Thorp looked at the Darter, the snow-capped Fairlane, the barn, then finally Brody. “In your honest opinion, do you think Nectar’s alive?” He raised a finger. “Wait. Don’t answer right away. Don’t give me the half-cocked positivity that you do. Give me your honest-to-God gut feeling on this. Give it a second, think it over, and then tell me what you really think.”

Brody considered The Mothers, Abigail’s headless body, Nectar’s debt to The Glower, every other piece of information, foggy trace, and weak clue he had collected over the last set of days. He closed his eyes, letting the answer come to him and roll over his tongue. “Yes.”

“I told you to tell me honestly.”

“I have no reason to believe she’s dead.”

“Then where is she?” Thorp snapped. “Where the fuck is she?”

“She might be hiding out, waiting for it to cool down. You don’t know.”

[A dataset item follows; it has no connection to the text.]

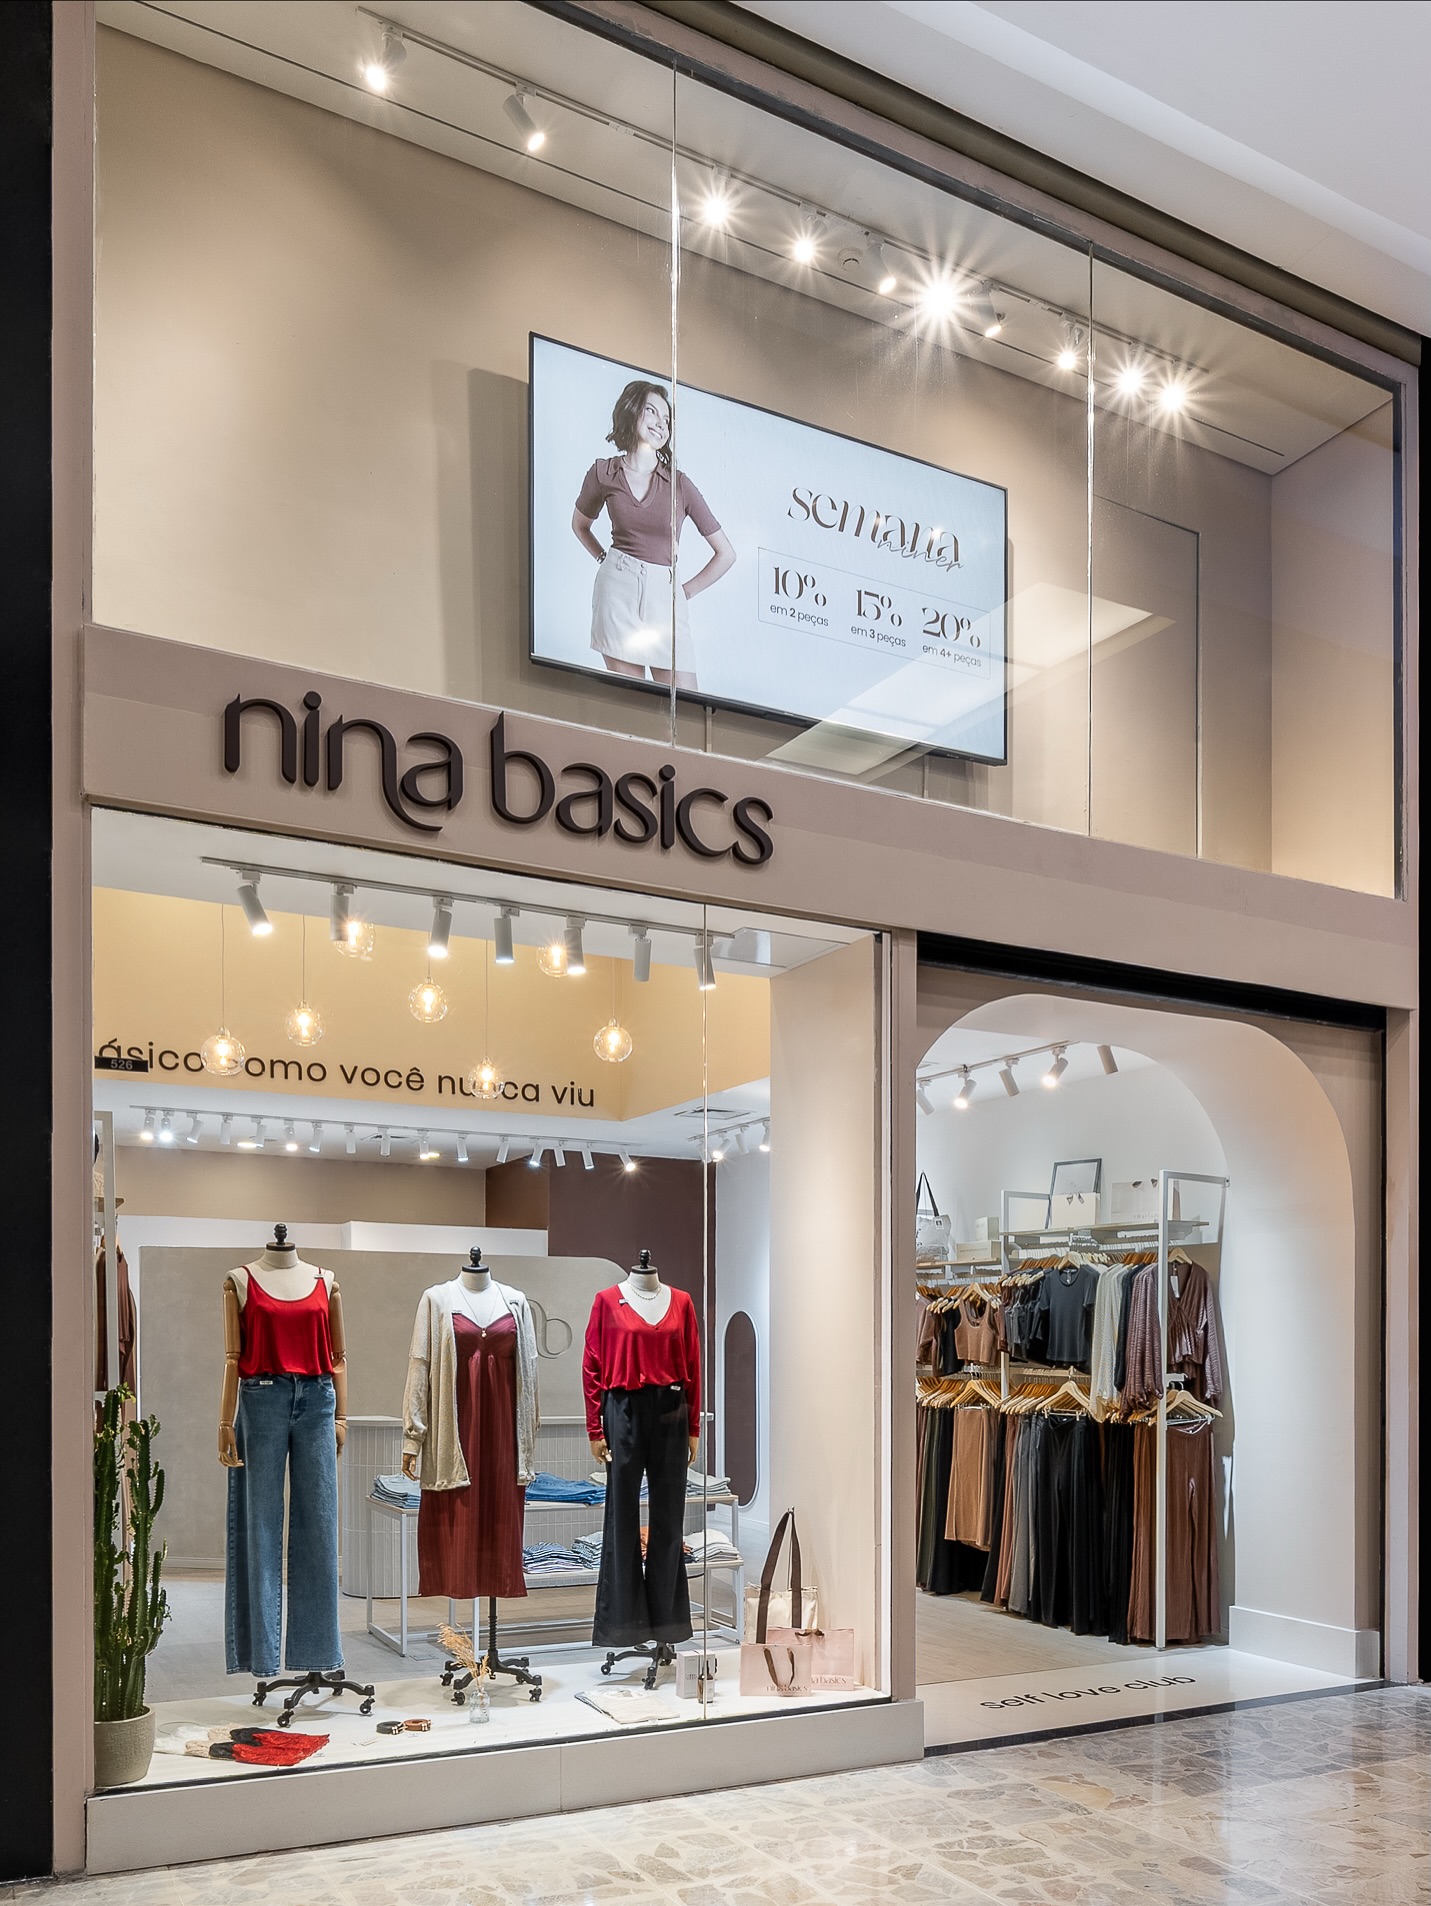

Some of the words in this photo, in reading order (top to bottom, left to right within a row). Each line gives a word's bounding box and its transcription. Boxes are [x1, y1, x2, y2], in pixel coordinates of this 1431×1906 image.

“No, you don’t know. I’ve taken a life; you haven’t. That kid is gone, and I robbed him of possibly getting straightened out, living a normal life free of the terrorist cell crap and—”

“What does that have to do with finding Nectar?”

“I’ve killed. I know how easy it is. And if I can say it’s easy, someone like me who never had any interest in killing nobody, someone like this Titian motherfucker, who probably looks forward to the next neck he can get his hands round—I can’t imagine what kind of state Nectar is in, wherever she is.”

Even in the failing light and Brody’s vision at the very beginning of dissolve, he could see a thick tear rolling down over the cusp of Thorp’s cheekbone, hang for a second, then drip onto the mended fabric where it soaked in and vanished.

Brody took a deep breath and placed a hand on Thorp’s shoulder. “We’ll find her.”